When I’ve confronted people about this, they tend to have a sheepish response that implies their acknowledgement of the criticism’s validity, but also hides a small amount of animus directed at me for having directed our attention to their failings. Generally speaking, people don’t like those who criticize their imperfections, but I however, seek-out those judges b/c they can help me get closer to ‘perfect’.
Norman is uniquely situated to set an example that can be used as a template for every other city in Suburbia, USA. The University, City, & School Systems can collaborate and coordinate a policy implementation that that can leverage the utility of our key resource, soil, while minimizing the Energy needed for its development.

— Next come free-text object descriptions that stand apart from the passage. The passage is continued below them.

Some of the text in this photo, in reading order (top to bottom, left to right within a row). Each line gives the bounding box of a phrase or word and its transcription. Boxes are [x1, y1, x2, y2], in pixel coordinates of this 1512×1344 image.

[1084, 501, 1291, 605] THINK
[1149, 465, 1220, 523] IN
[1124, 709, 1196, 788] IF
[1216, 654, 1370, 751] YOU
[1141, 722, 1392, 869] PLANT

Once upon a time, Oklahomans lived through the dust bowl and Great Depression as subsistence farmers. They canned everything that was harvested for the winter, started seedlings as early as possible, cared for livestock, and cared about life skills. That was my Grandmother’s generation. Those are the people who were most dedicated to sacrifice & learning from their mistakes. Why? b/c their lives depended on their success. What happened after it was discovered that their farming techniques were the reason for the Dust Bowl? The country began to fix the land that it had ruined. The gov’t began putting together programs that provided employment for laborers and engineers. The Works Progress Administration (WPA) & the Civilian Conservation Corps (CCC) were created with the intention of staving off the effects of the Depression and providing some means by which to address the devastation of the ‘Roaring ’20’s and its irrational excess.

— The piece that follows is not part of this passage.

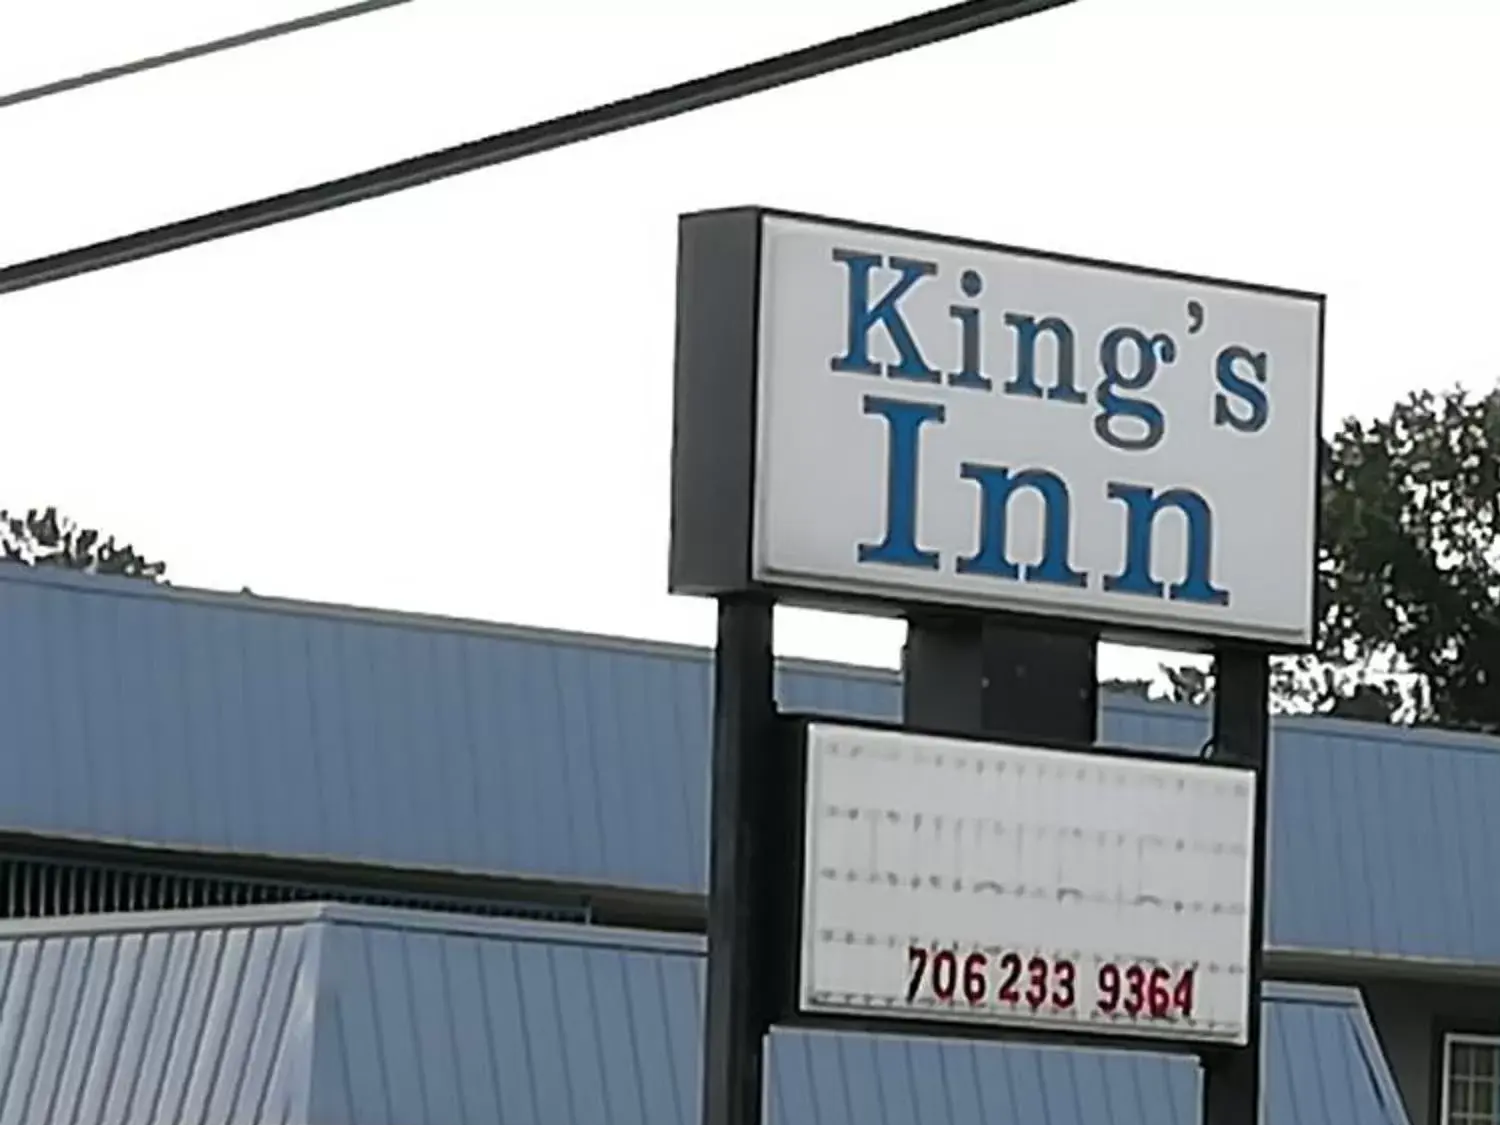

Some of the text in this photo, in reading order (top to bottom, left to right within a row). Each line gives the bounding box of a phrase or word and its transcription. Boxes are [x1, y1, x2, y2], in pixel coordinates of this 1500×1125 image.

[831, 247, 1269, 450] King's
[857, 394, 1229, 607] Inn
[906, 946, 1196, 1018] 706 233 9364

That was nearly 100 years ago, but despite all of our discoveries in genetics, plastics, production, transistors, telecommunications, biochemistry, & astrophysics, we still make the same mistakes made by the people back then.
The history of our country is ‘rich & poor’. Just like its people; we’re all some gradient of ‘melanin-rich’ & ‘melanin-poor’. However, the fundamental qualities that define the morality of a society go unobserved, so long as a country’s people are cozy & satisfied to the point of ‘ennui’. For those to whom ‘ennui’ is a foreign word, you’re correct. ‘Ennui’ is a French word that’s frequently used by writers & aspiring intellectuals (perhaps even myself?) to express the sense of ‘boredom’ that one feels from having become fulfilled and thus undesirous of action. That’s much how I see our current culture and its constituent citizenry. They’re cozy, comfortable, energy expenders, and I find their chosen-ignorance to be cowardly & w/out defense. I don’t think they’re all evil, and in most cases, they’re simply too weak, too pampered, or too ignorant to understand the challenge. I despise those qualities when I observe them in myself and I feel justified in criticizing others when I see them in them. We have to look at the problems, acknowledge that the legislation to shift market forces are artificial, and make the changes that will actually have a positive impact on the future generations of Oklahomans who will inherit the world we leave behind.
There’s nothing wrong helping someone break out of their ‘ennui’, in fact I think it’s a moral act & ethical responsibility for anyone trying to break free from their own.